Empecé por darle gracias a Dios cada mañana por darme un nuevo día. También inicié el hábito de hablar con el Espíritu Santo durante el día. Una vez, me sentí intrigado pensando por qué Dios contestaba mis oraciones. Así que le pregunté: “Señor, tú creaste todo el universo; yo sé que tú puedes hacer todas las cosas. Entonces, ¿por qué respondes a mis plegarias?” Y el Espíritu Santo me dijo: “Las contesto porque te amo.”
Yo nunca había escuchado algo parecido antes, era una voz casi audible. Me di cuenta de que cuando oramos, Dios responde a nuestras oraciones si le pedimos conforme a su voluntad. A veces, la respuesta es afirmativa, otras negativa y otras de espera. Pero siempre son por amor, como un padre que hace lo mejor por su hijo amado.
Dios me protege. Al finalizar mi sentencia en 2011, yo era una mejor persona; alguien más piadoso y más dispuesto a perdonar. Todavía hay problemas; mi madre tiene Alzheimer y diariamente viajo cuatro horas entre mi casa y mi trabajo. Pero mi relación con Dios me ha ayudado a no guardar resentimientos.

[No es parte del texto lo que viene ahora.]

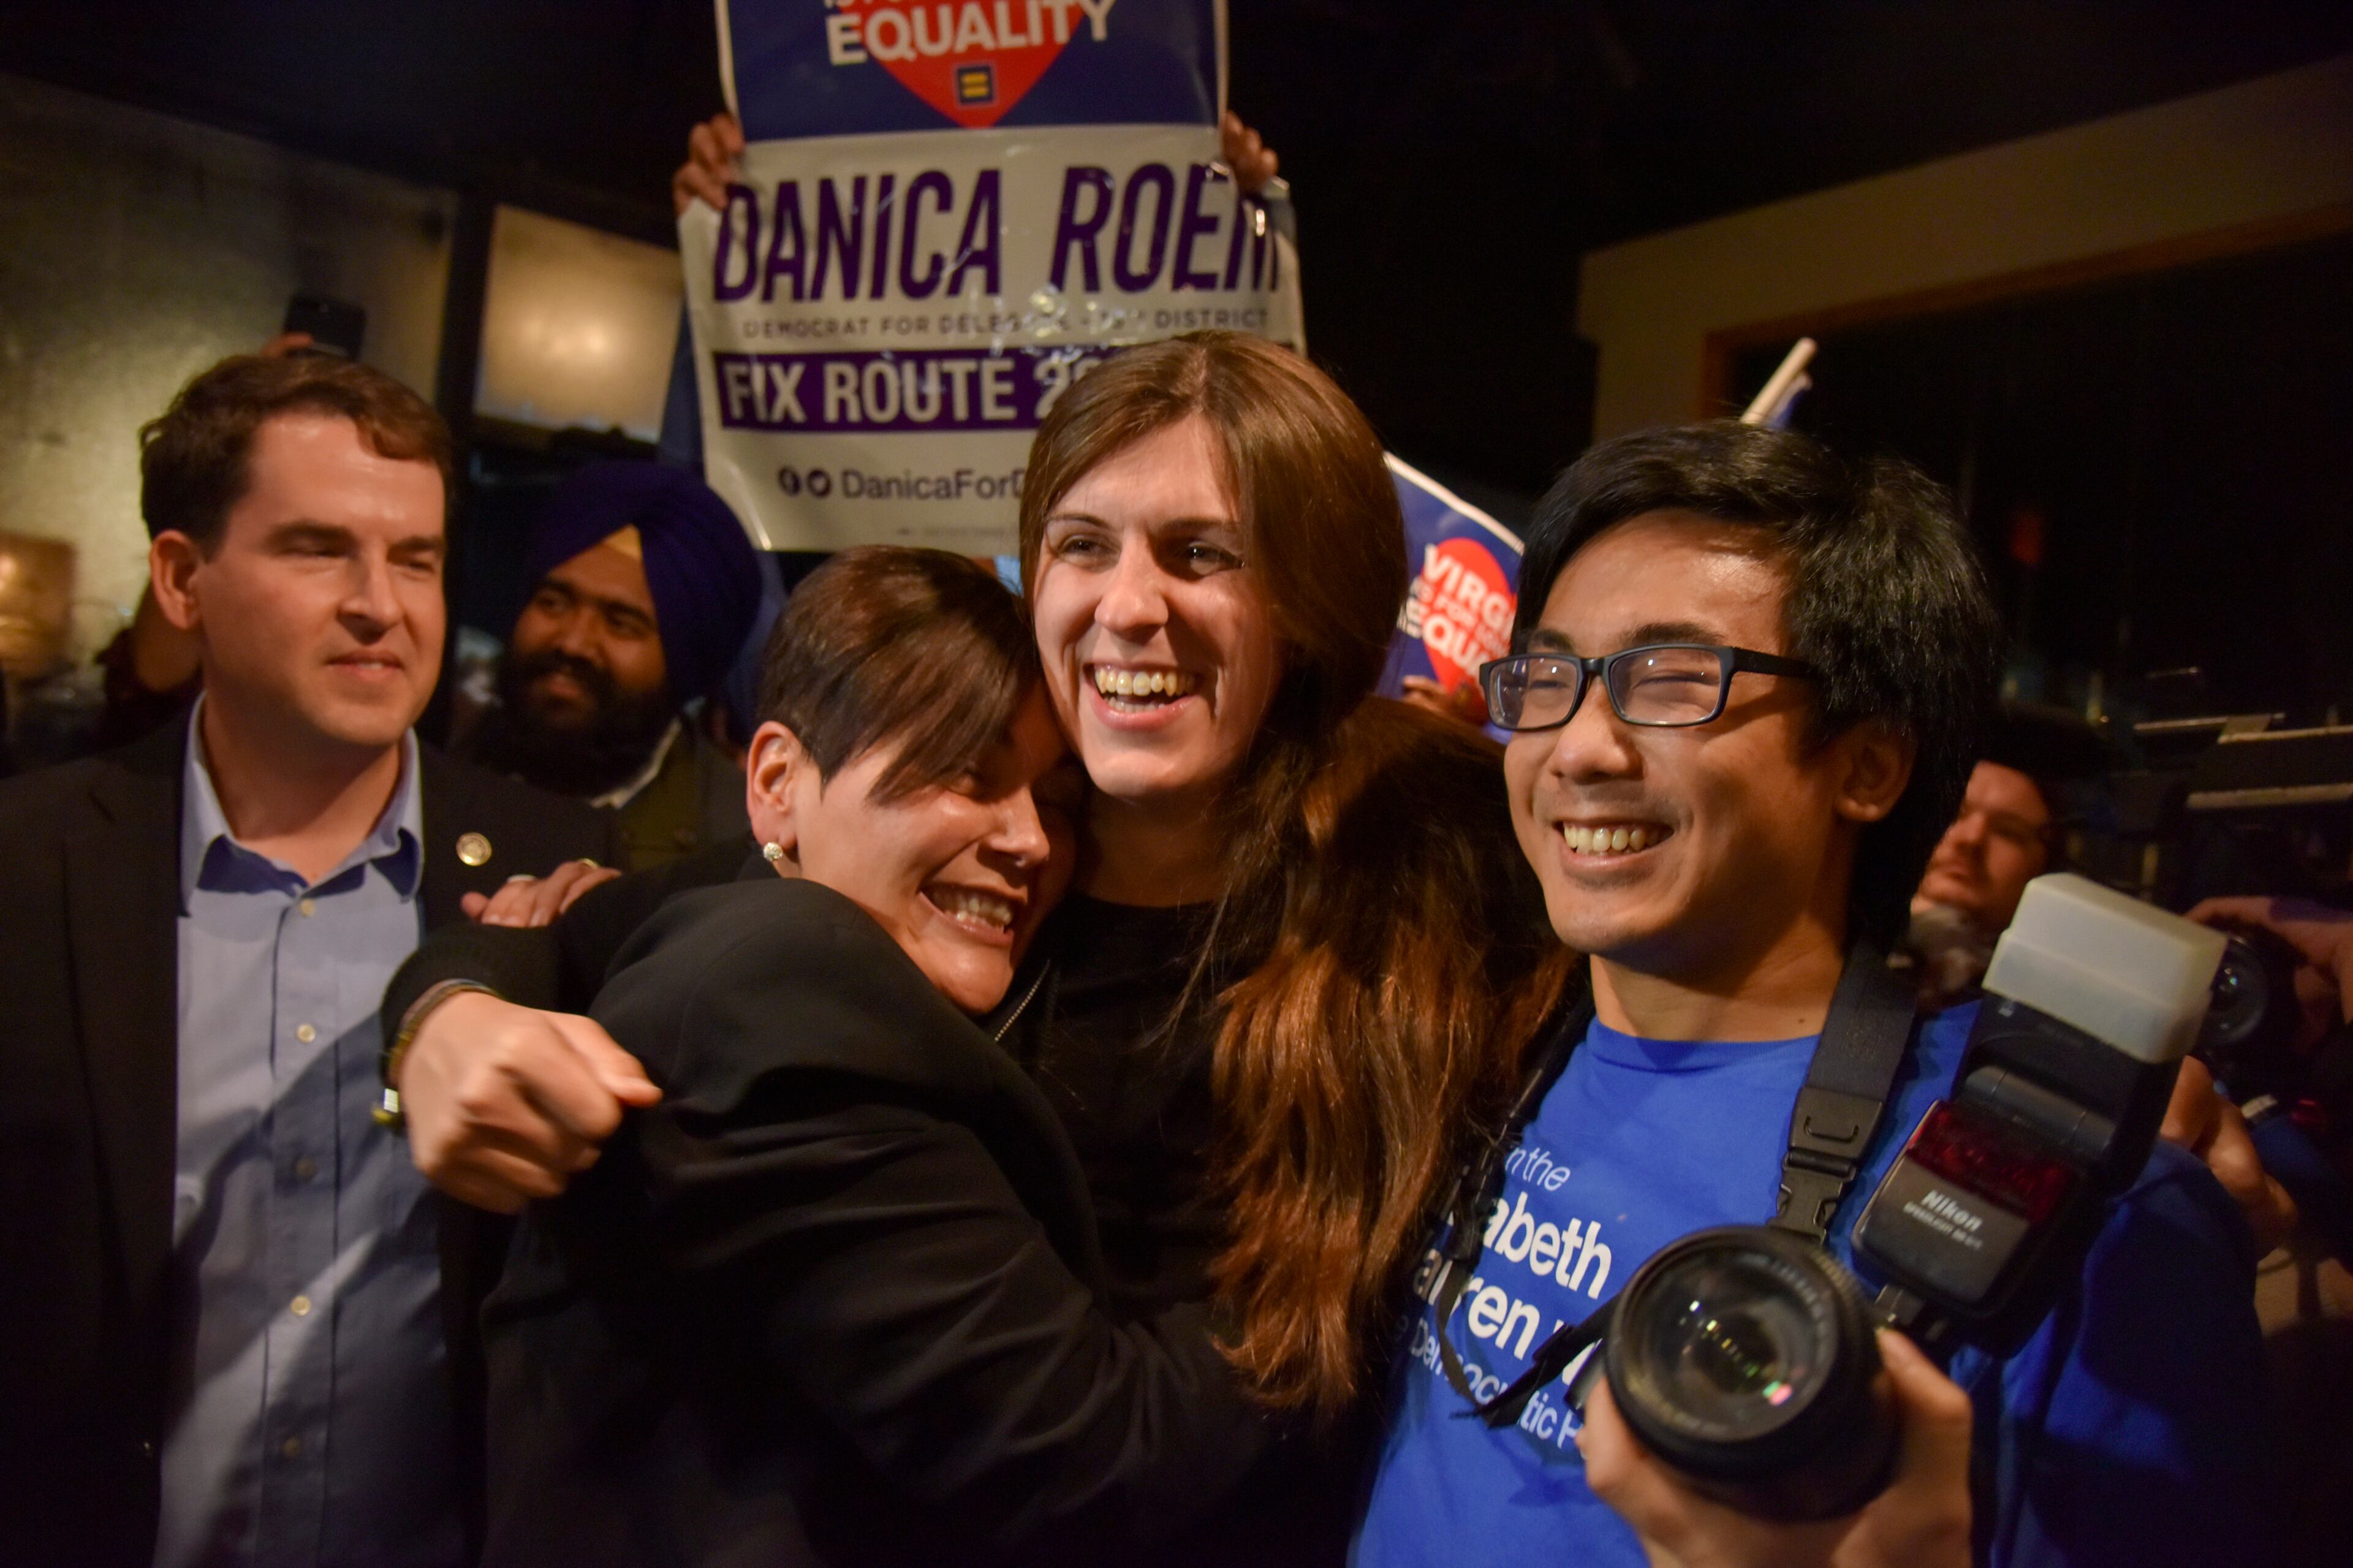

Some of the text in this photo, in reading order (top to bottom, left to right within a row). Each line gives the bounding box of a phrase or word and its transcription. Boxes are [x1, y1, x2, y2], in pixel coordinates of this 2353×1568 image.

[827, 0, 1115, 66] EQUALITY
[714, 169, 1001, 301] DANICA
[743, 317, 870, 339] DEMOCRAT
[880, 313, 931, 336] FOR
[1154, 308, 1268, 330] DISTRICT
[724, 357, 1105, 423] FIX ROUTE 2
[1519, 1146, 1571, 1192] the
[1920, 1189, 1984, 1233] Nikon
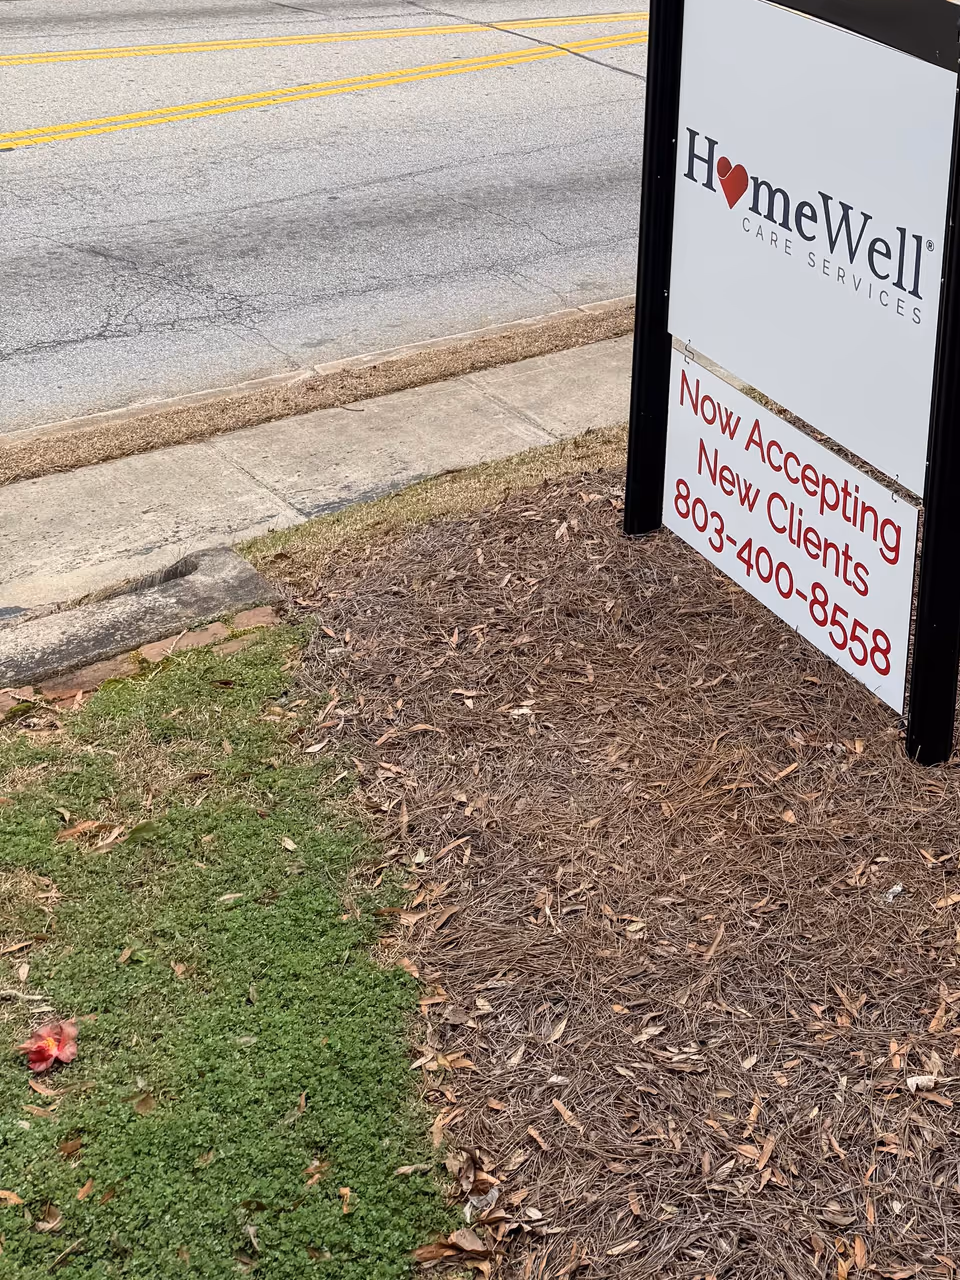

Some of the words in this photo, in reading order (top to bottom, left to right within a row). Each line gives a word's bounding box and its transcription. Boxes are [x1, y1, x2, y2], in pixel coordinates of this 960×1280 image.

[742, 217, 793, 257] CARE
[807, 251, 922, 326] SERVICES
[679, 369, 741, 441] Now
[745, 419, 902, 566] Accepting
[698, 437, 760, 513] New
[766, 491, 870, 598] Clients
[674, 478, 892, 676] 803-400-8558
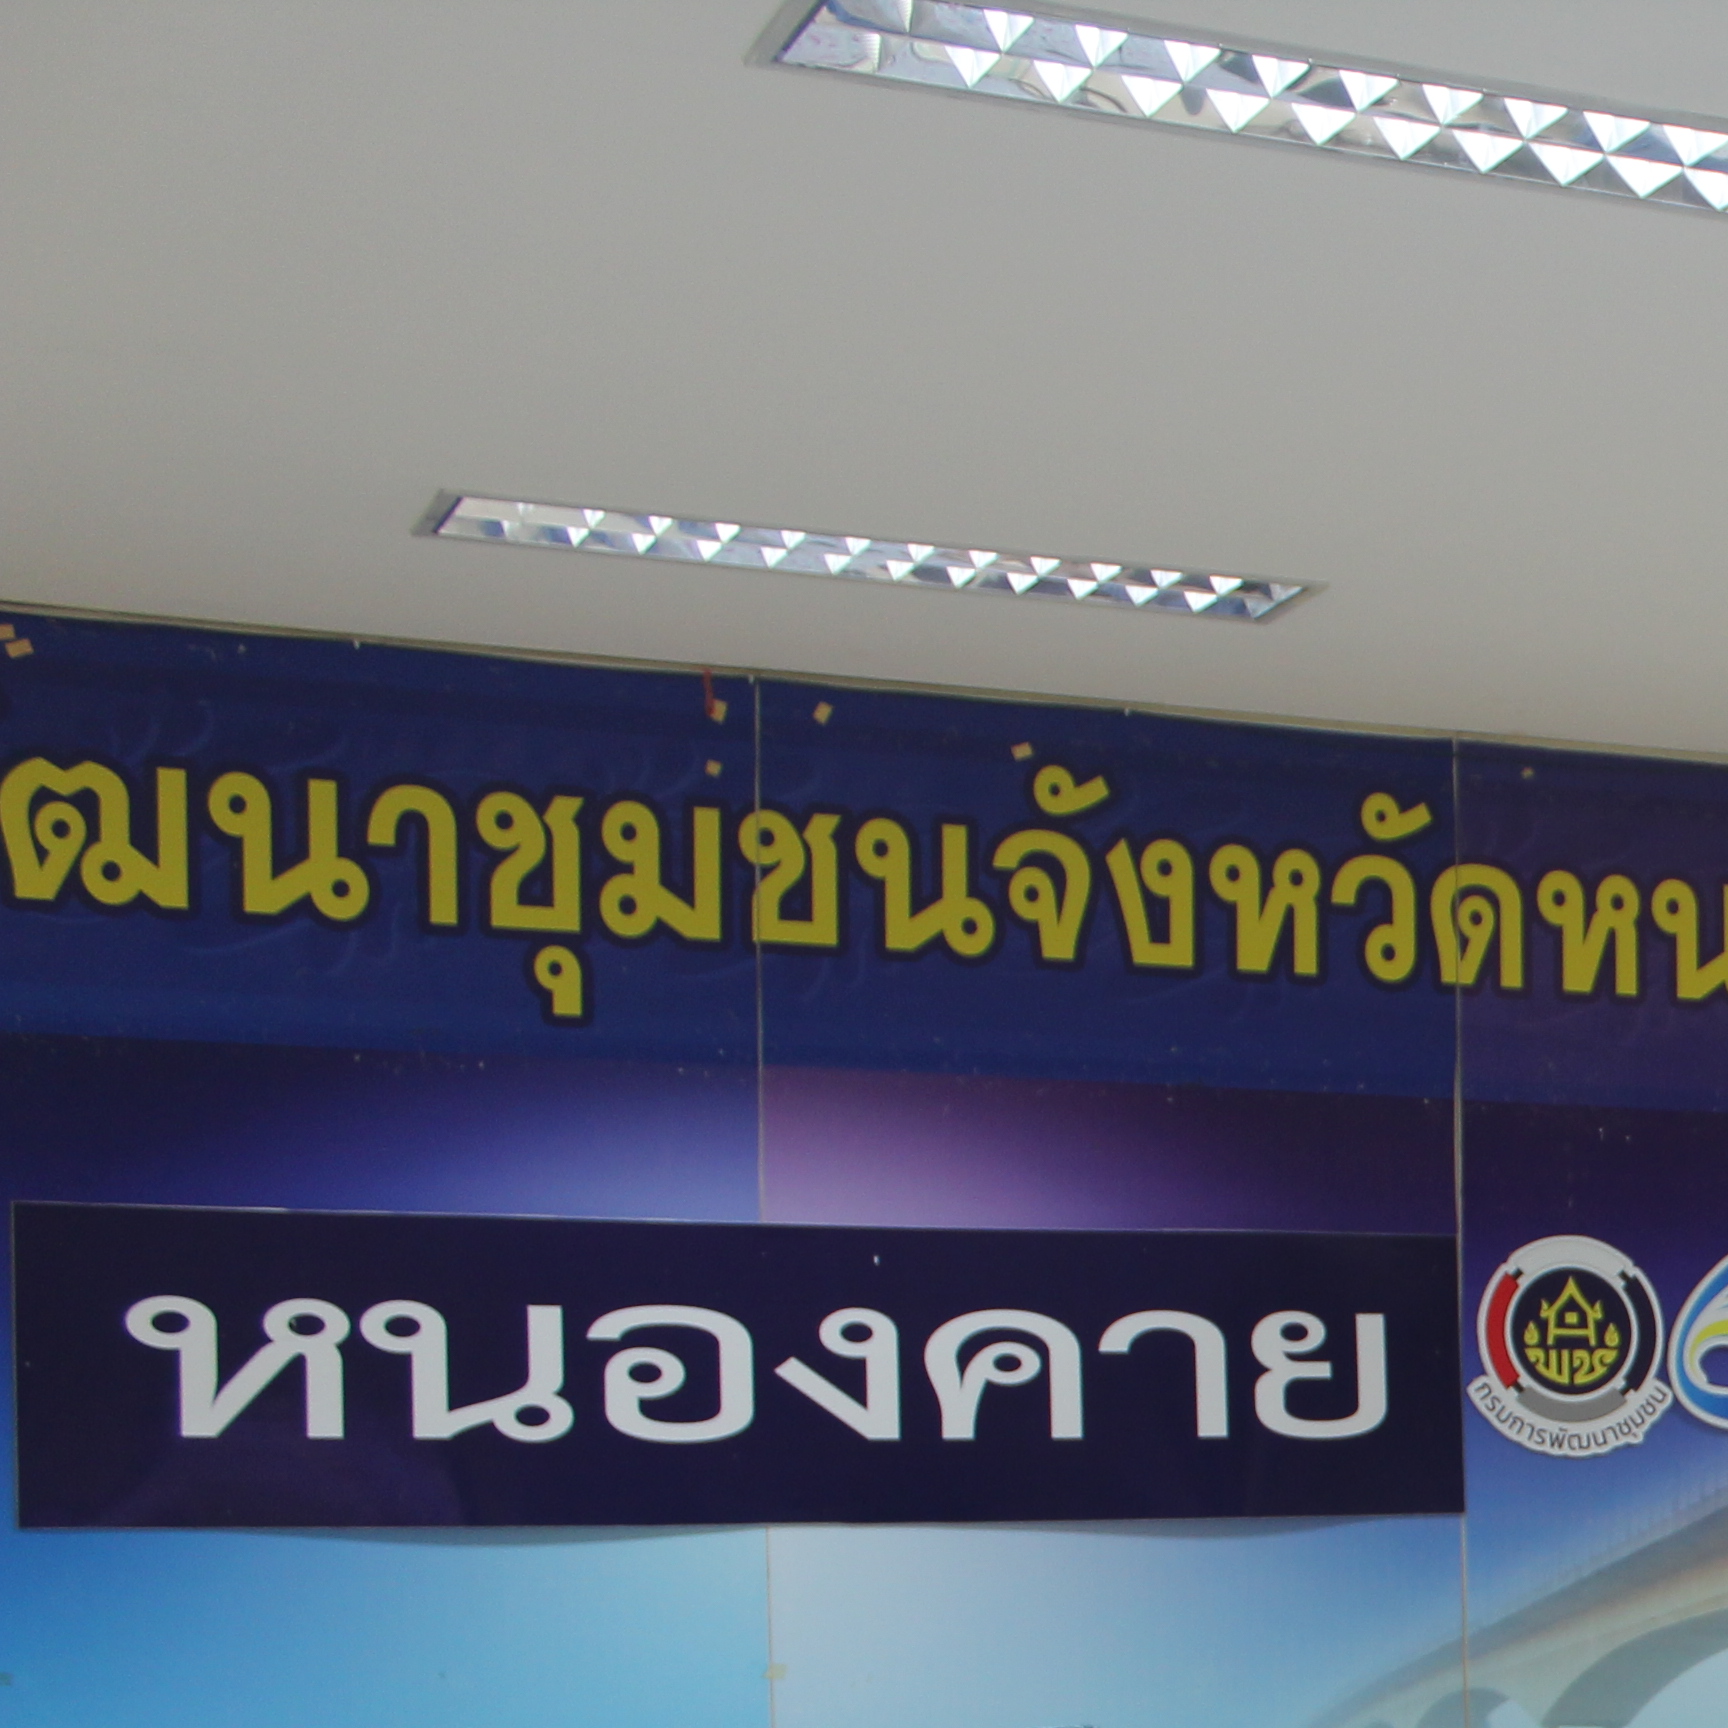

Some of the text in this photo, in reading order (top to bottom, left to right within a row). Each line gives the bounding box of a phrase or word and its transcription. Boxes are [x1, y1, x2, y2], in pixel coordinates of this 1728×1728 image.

[124, 1294, 1387, 1444] หนองคาย
[1474, 1382, 1668, 1451] กรมการพัฒนาชุมชน

Dios me protege. En primer lugar, estoy agradecido de haber conseguido un buen trabajo. Ahora, cuando llego a mi oficina, le doy gracias porque llegué bien. Cuando ceno, le doy gracias por la comida. ¡Soy más agradecido con todo! Siempre he amado al Señor, pero ahora que tengo una relación personal con Jesús, puedo expresarla mejor.
Mi desafío diario es mantenerme centrado en Dios y confiarle a él todas mis preocupaciones (1 Pedro 5, 7). Cuando esto es especialmente difícil, invoco al Espíritu Santo y le digo: Por favor recuérdame que todavía estoy en la presencia de Dios y que él me cuida. Hasta hoy, Dios me sigue demostrando que él está a mi lado.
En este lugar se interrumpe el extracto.